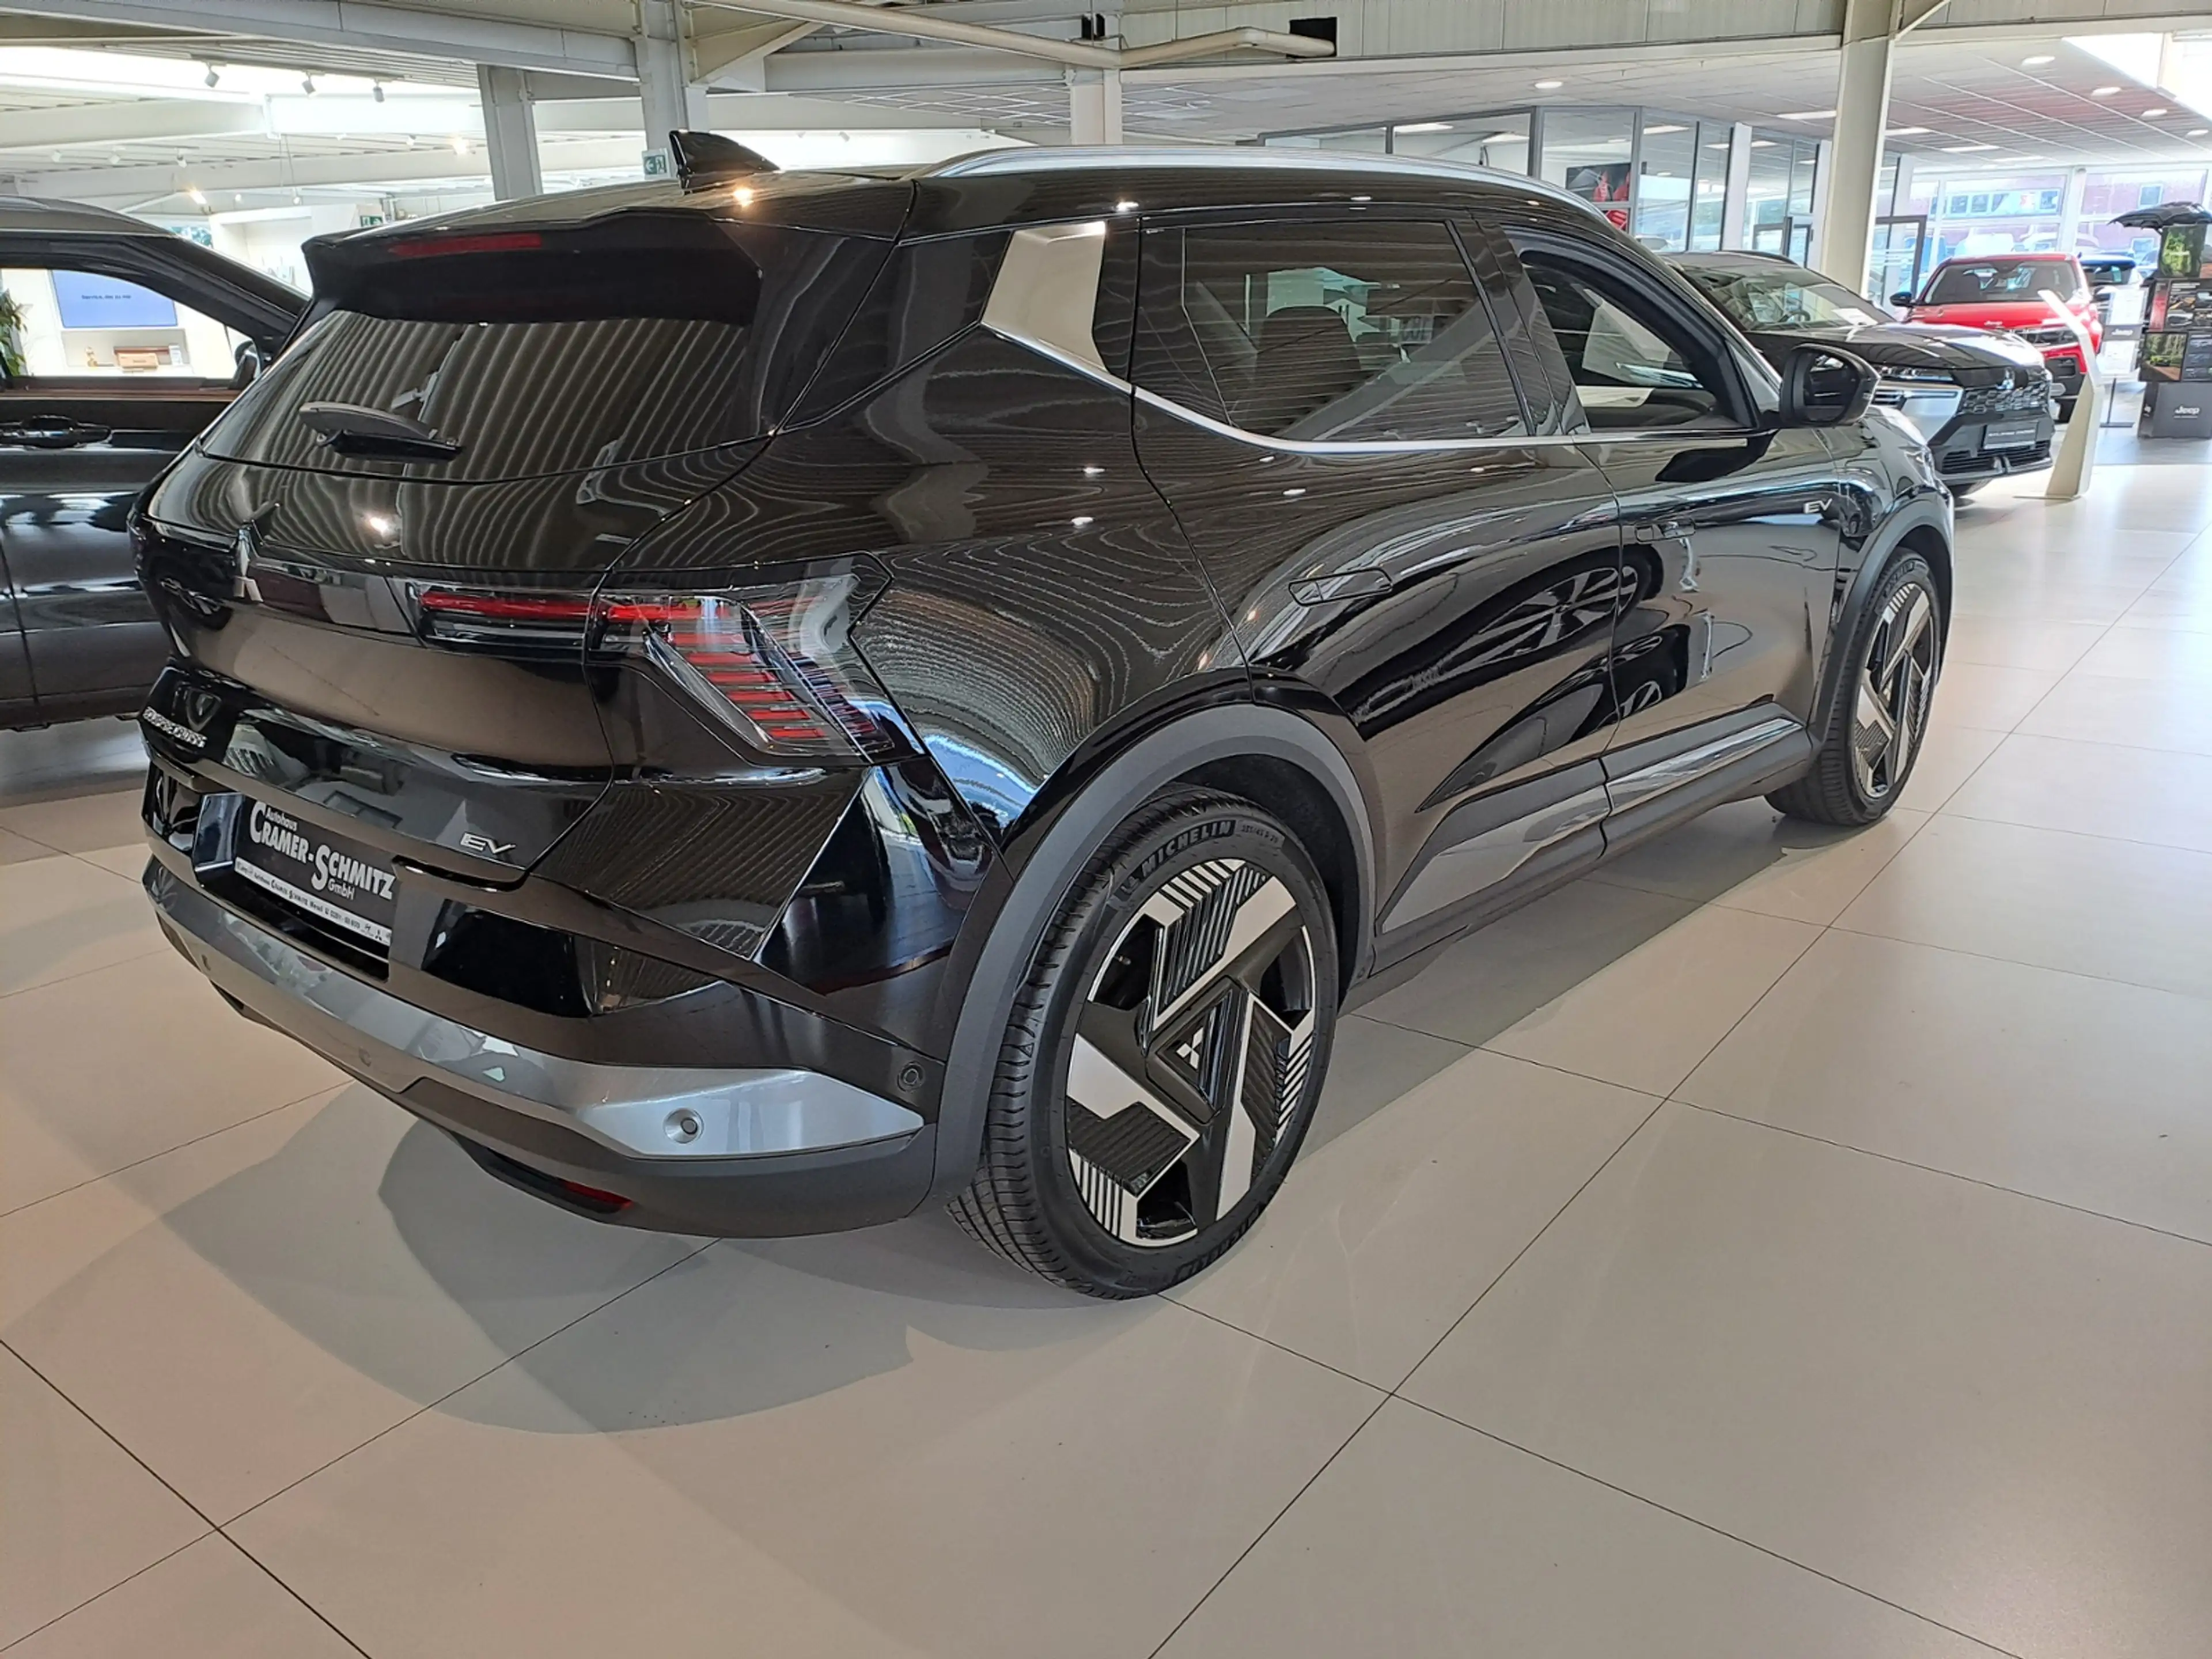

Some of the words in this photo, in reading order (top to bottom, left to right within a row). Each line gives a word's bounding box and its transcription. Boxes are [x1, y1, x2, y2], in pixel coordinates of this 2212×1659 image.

[2174, 405, 2200, 414] Jeep
[1804, 498, 1833, 514] EV
[266, 807, 298, 832] Autohaus
[249, 800, 396, 900] CRAMER-SCHMITZ
[460, 832, 516, 854] EV
[1141, 820, 1232, 877] MICHELIN
[327, 877, 355, 900] GmbH
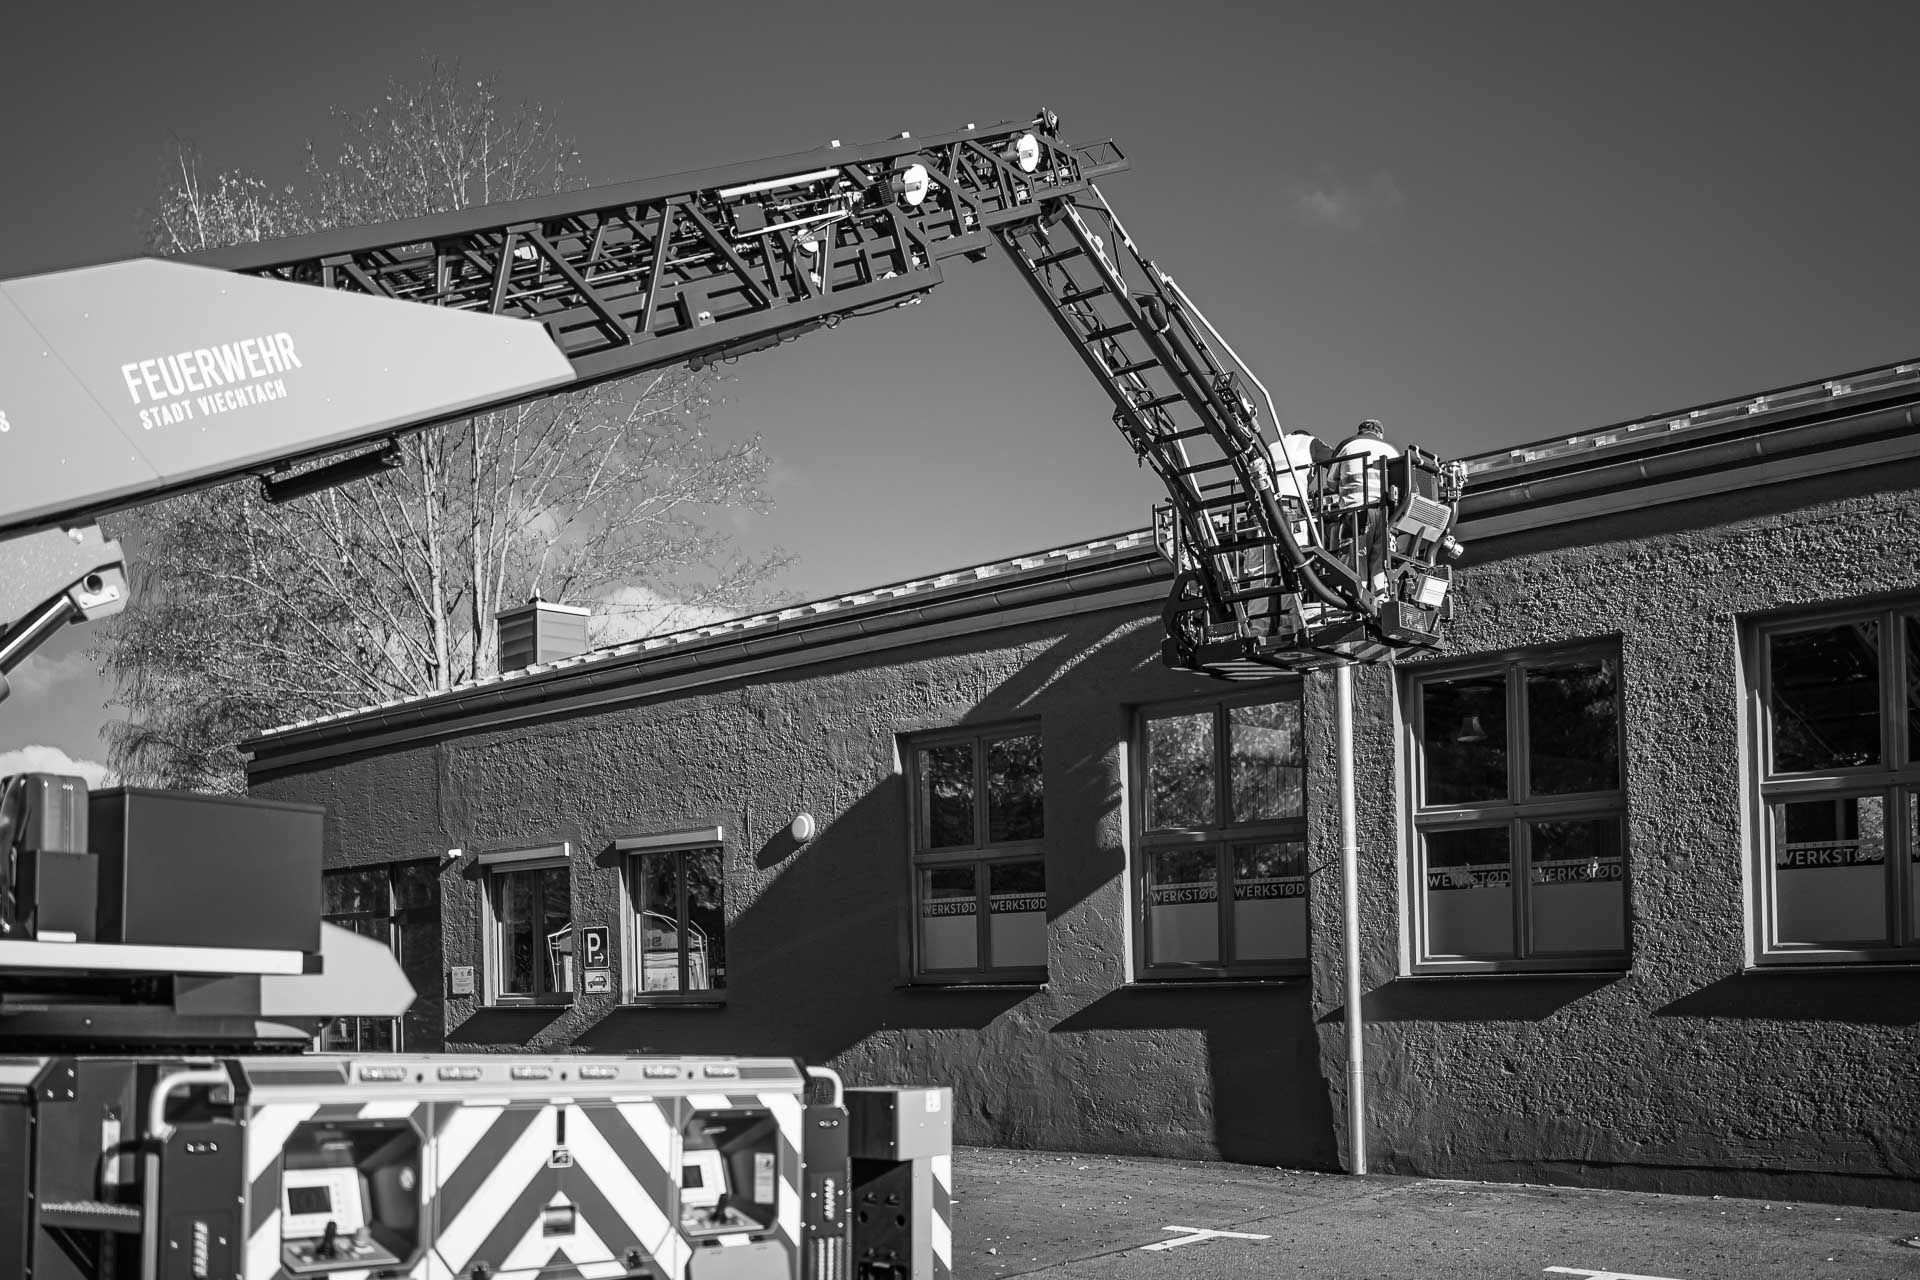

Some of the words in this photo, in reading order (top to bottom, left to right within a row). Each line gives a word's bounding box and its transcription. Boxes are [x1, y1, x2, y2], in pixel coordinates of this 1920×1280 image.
· · · · ·
**The problem**
Omit each image and transcribe the remaining records word for word.

**Reply**
Some of the words in this photo, in reading order (top to bottom, left to right within a row). Each line gives a word's bounding box and its transcription. Boxes are [x1, y1, x2, y2], in pixel coordinates of this 2212×1659 image.

[2174, 405, 2200, 414] Jeep
[1804, 498, 1833, 514] EV
[266, 807, 298, 832] Autohaus
[249, 800, 396, 900] CRAMER-SCHMITZ
[460, 832, 516, 854] EV
[1141, 820, 1232, 877] MICHELIN
[327, 877, 355, 900] GmbH

Some of the words in this photo, in reading order (top to bottom, left to right within a row). Each line gives a word's bounding box and its transcription. Boxes are [x1, y1, x2, y2], in pixel coordinates of this 1920×1280 image.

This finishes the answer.